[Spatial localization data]
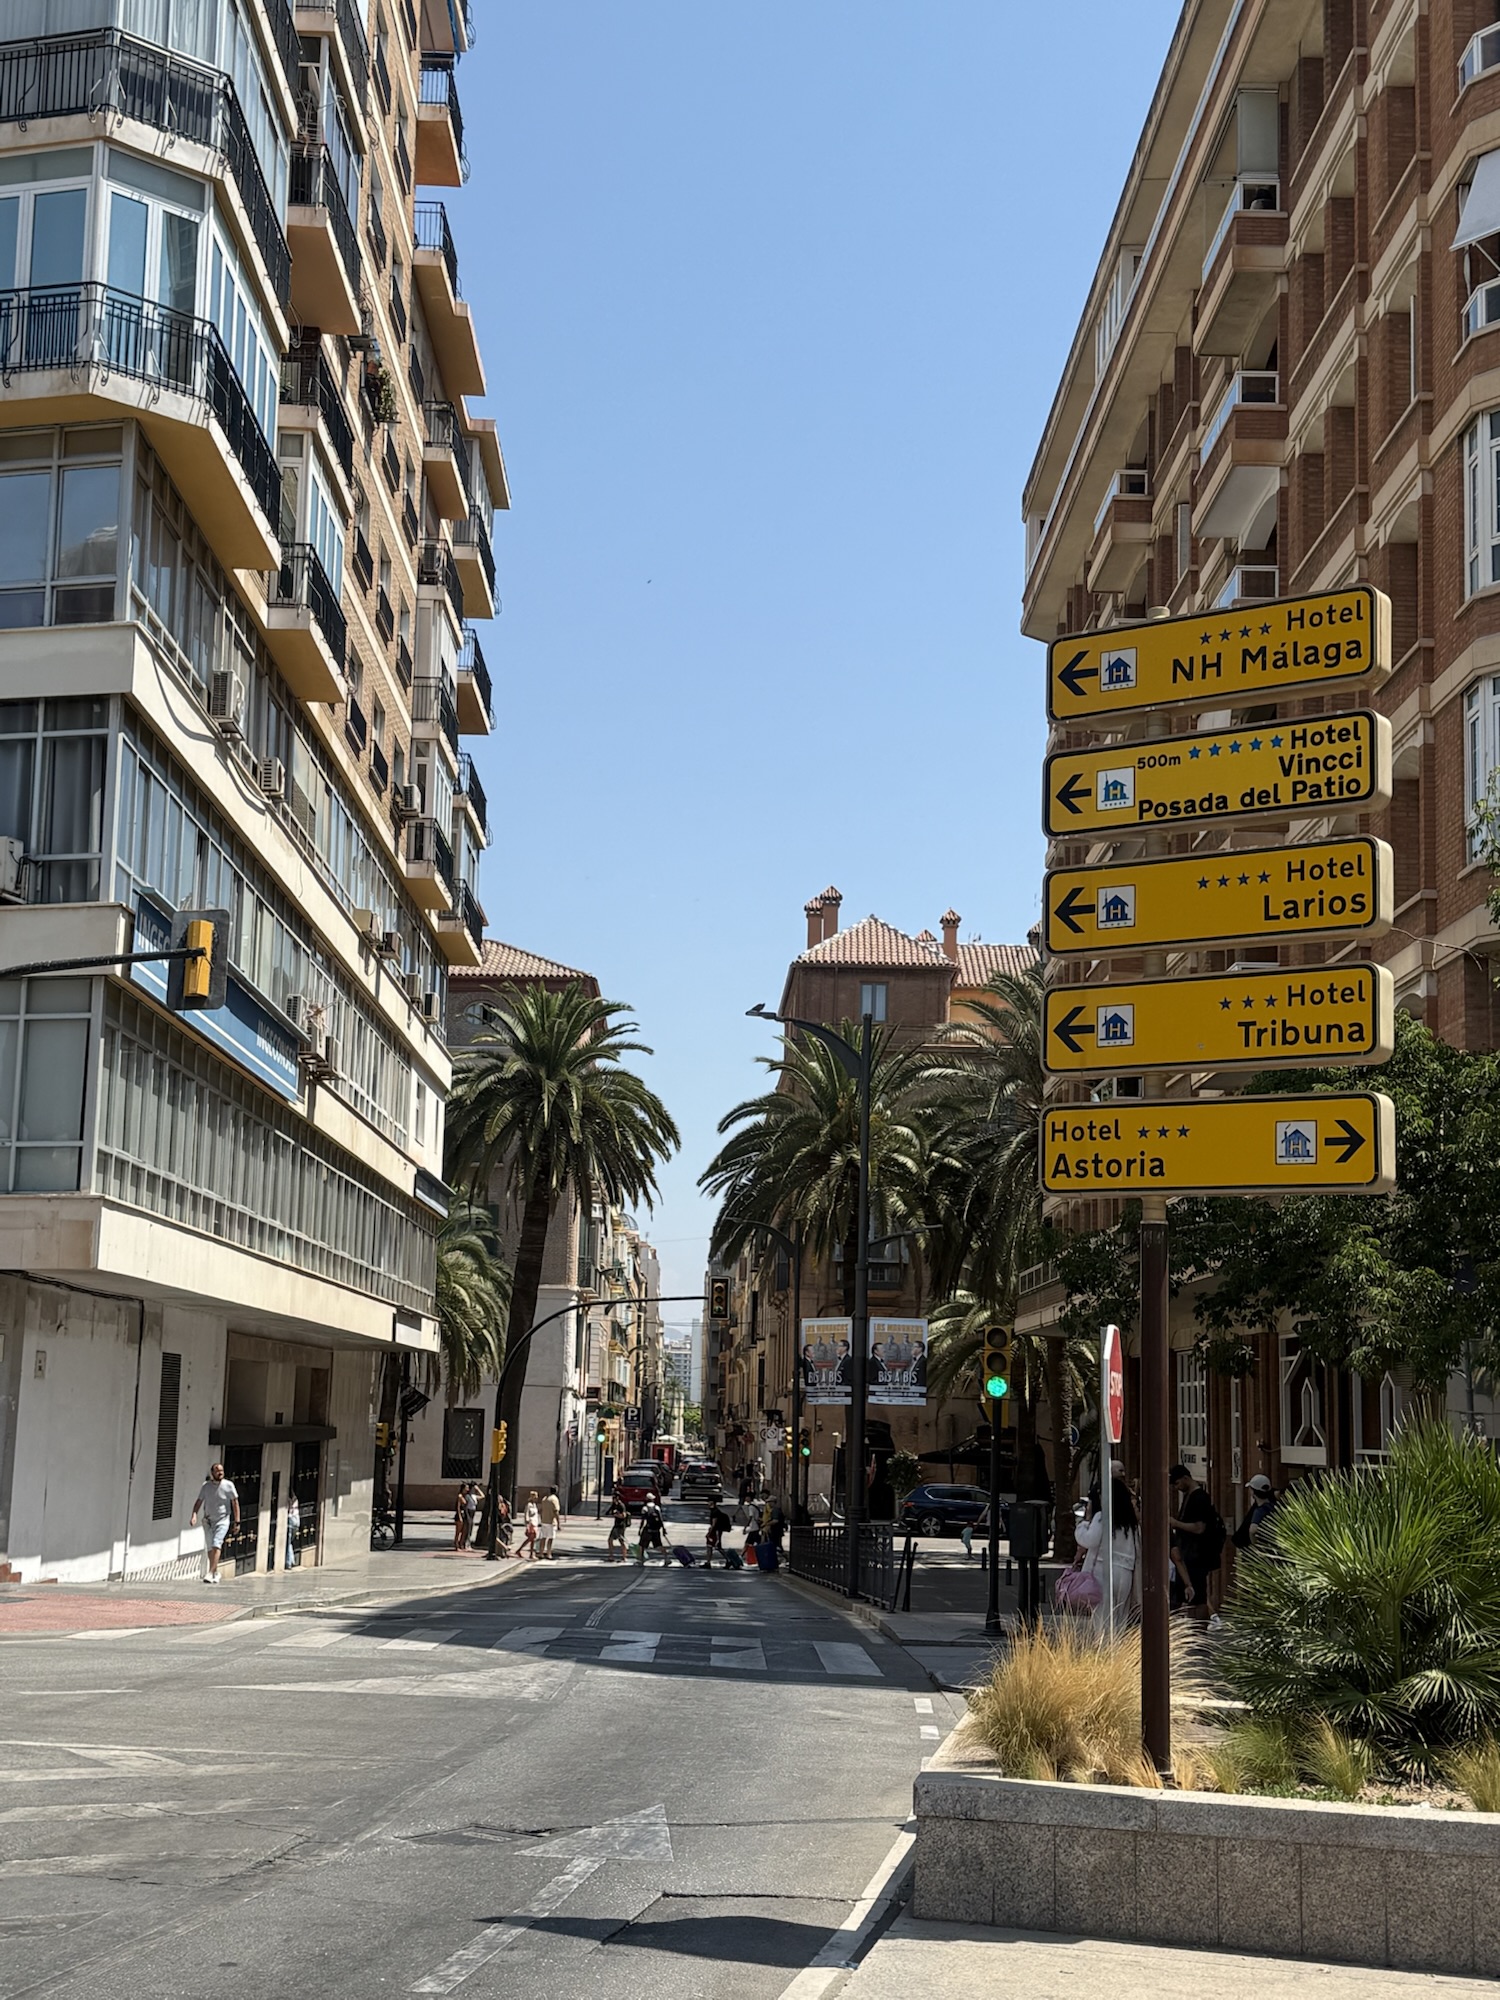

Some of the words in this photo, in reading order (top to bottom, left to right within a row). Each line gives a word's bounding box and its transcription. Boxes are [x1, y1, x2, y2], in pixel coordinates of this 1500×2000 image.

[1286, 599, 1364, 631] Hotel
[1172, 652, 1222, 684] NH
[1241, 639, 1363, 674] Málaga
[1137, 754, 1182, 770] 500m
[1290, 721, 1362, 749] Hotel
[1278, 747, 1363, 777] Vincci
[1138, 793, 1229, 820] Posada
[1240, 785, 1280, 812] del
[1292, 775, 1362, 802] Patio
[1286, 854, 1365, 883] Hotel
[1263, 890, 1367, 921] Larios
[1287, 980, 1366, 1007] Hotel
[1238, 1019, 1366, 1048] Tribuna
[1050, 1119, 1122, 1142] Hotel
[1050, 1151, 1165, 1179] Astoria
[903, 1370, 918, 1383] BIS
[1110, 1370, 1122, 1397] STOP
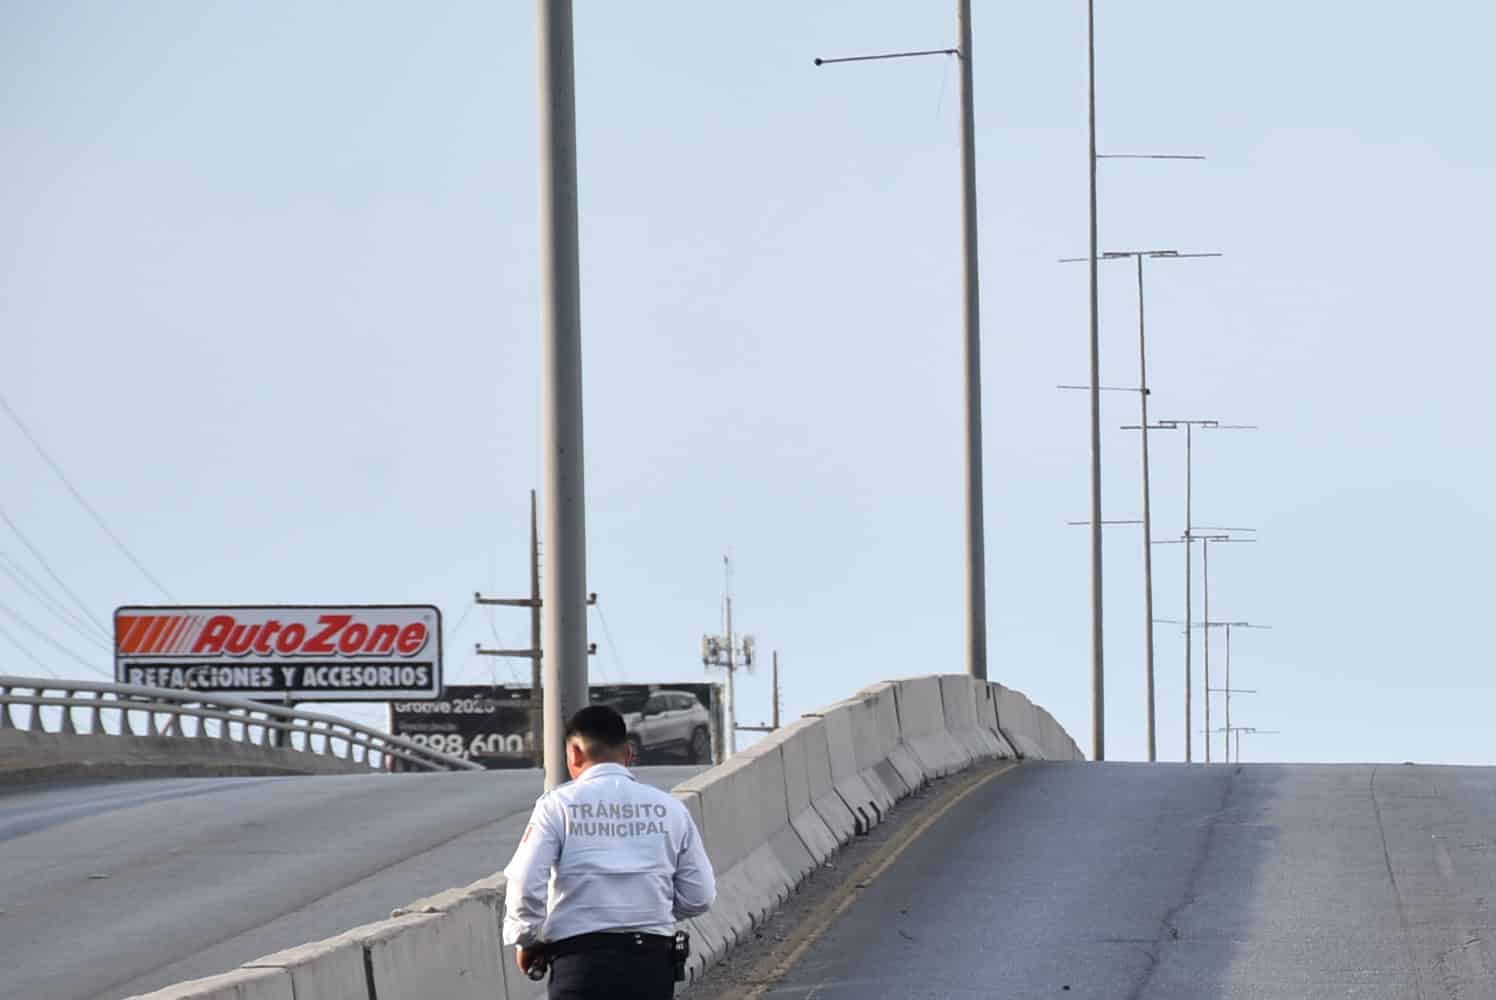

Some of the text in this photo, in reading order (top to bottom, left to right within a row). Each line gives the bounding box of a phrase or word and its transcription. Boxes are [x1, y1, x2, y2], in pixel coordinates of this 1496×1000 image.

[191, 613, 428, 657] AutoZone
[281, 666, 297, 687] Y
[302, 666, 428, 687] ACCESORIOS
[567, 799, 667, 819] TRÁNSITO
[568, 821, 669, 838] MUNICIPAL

• Problem details: The reply must hold every line above exactly as written and none of the pictures.

• Answer section:
Some of the words in this photo, in reading order (top to bottom, left to right within a row). Each line gives a word's bounding box and its transcription. Boxes are [x1, y1, x2, y2], in pixel coordinates of this 1500×2000 image.

[1286, 599, 1364, 631] Hotel
[1172, 652, 1222, 684] NH
[1241, 639, 1363, 674] Málaga
[1137, 754, 1182, 770] 500m
[1290, 721, 1362, 749] Hotel
[1278, 747, 1363, 777] Vincci
[1138, 793, 1229, 820] Posada
[1240, 785, 1280, 812] del
[1292, 775, 1362, 802] Patio
[1286, 854, 1365, 883] Hotel
[1263, 890, 1367, 921] Larios
[1287, 980, 1366, 1007] Hotel
[1238, 1019, 1366, 1048] Tribuna
[1050, 1119, 1122, 1142] Hotel
[1050, 1151, 1165, 1179] Astoria
[903, 1370, 918, 1383] BIS
[1110, 1370, 1122, 1397] STOP

Some of the text in this photo, in reading order (top to bottom, left to right within a row). Each line gives the bounding box of a phrase or word and its transcription. Boxes are [x1, y1, x2, y2], in pixel coordinates of this 1496×1000 image.

[191, 613, 428, 657] AutoZone
[281, 666, 297, 687] Y
[302, 666, 428, 687] ACCESORIOS
[567, 799, 667, 819] TRÁNSITO
[568, 821, 669, 838] MUNICIPAL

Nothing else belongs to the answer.